Claude / Operating Manual · Reference
Agent teams
Full peer agent sessions that message each other and share a task list, for work that needs live coordination rather than fire-and-forget delegation.
GA · updated 2026-06-14
Agent teams are peer sessions that talk to each other and share a task list, as opposed to subagents, which are hub-and-spoke interns that do a task and report back. Reach for a team only when agents genuinely need to coordinate; for independent fan-out, subagents are simpler. For the full decision tree across subagents, teams, and workflows, see Orchestration & Agent Teams.
How you use it day-to-day
- Shared task list. Team members pick up and update a common list, so the work divides without one agent orchestrating every step.

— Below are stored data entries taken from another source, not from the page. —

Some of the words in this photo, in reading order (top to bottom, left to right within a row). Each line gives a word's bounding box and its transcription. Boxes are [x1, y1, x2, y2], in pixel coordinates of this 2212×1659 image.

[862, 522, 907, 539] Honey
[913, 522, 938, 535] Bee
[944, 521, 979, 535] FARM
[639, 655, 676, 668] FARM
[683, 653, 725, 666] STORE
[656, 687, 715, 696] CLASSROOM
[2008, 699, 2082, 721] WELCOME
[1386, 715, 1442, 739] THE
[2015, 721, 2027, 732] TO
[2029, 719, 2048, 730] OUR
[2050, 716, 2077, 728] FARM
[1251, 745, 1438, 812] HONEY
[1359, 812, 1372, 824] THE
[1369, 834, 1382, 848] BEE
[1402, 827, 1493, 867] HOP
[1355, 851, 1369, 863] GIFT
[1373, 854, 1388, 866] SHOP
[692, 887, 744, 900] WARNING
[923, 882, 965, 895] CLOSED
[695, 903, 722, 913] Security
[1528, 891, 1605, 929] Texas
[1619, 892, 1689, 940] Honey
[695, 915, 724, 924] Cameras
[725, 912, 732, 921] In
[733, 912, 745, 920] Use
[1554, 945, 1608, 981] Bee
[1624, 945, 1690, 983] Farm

- Message each other. Use SendMessage (by agent id or name) to continue a specific agent with its context intact, rather than starting it fresh.

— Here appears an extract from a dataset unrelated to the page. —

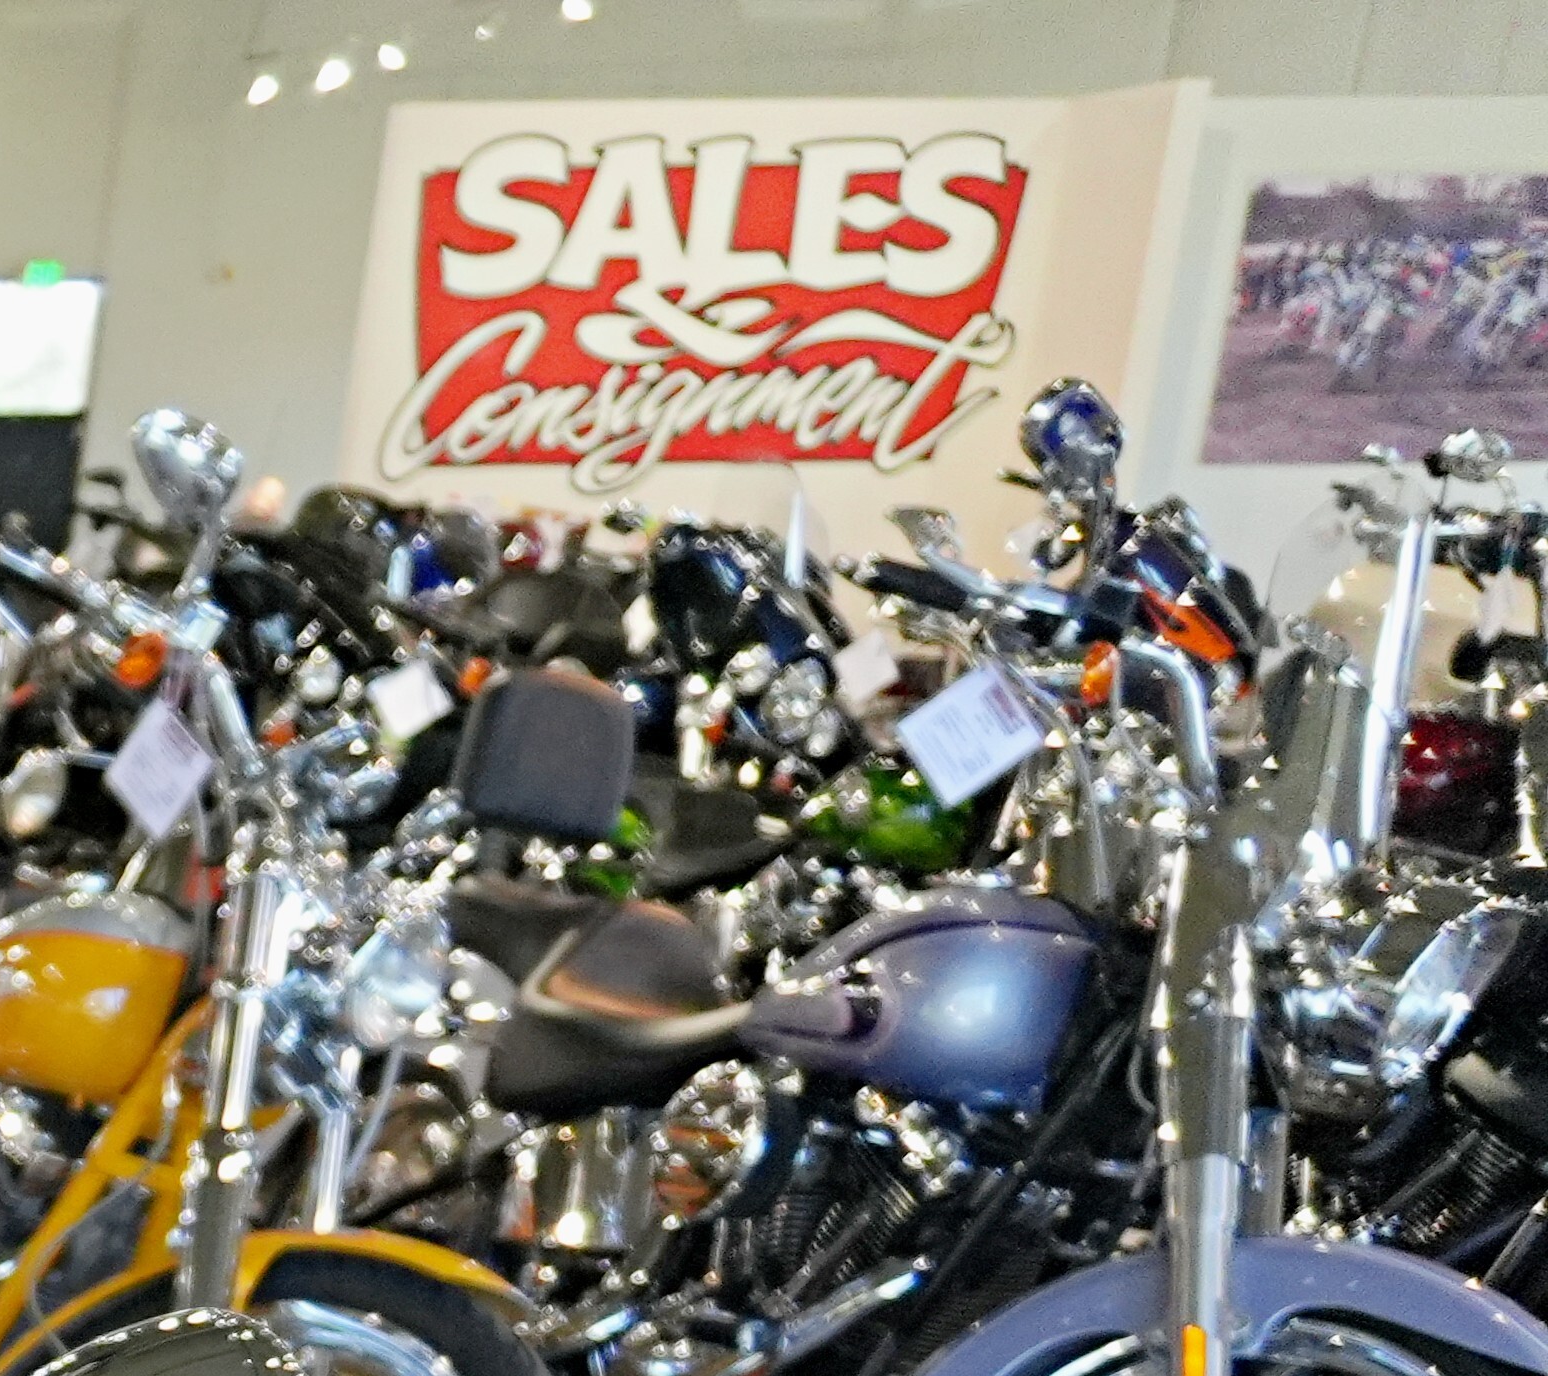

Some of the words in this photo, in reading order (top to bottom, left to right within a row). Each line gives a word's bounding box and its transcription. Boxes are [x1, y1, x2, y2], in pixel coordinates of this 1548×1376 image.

[439, 132, 1009, 298] SALES
[378, 308, 1016, 494] Consignment
[574, 280, 798, 367] &

- Worktree isolation. Give each agent its own git worktree when they edit files in parallel, so they do not collide. A real team-on-one-repo setup adds ownership boundaries and an acknowledge-and-merge step before changes land.
Gotchas
- Coordination is overhead. A team only pays off when agents must agree on something (an interface, a shared file). For "read these ten files and report," that is just parallel subagents.
- No shared memory by default. Members do not see each other's history unless you give them a shared channel or state file. Spell out what each one needs.
- Nesting depth depends on the surface. In the Agent SDK, subagents can spawn their own since Claude Code 2.1.172 (foreground at any depth; a background subagent is capped once it is five levels below the main agent). The interactive CLI Agent tool and the Workflow tool still nest one level only. Design for shallow nesting and go deeper only where the surface you are on supports it.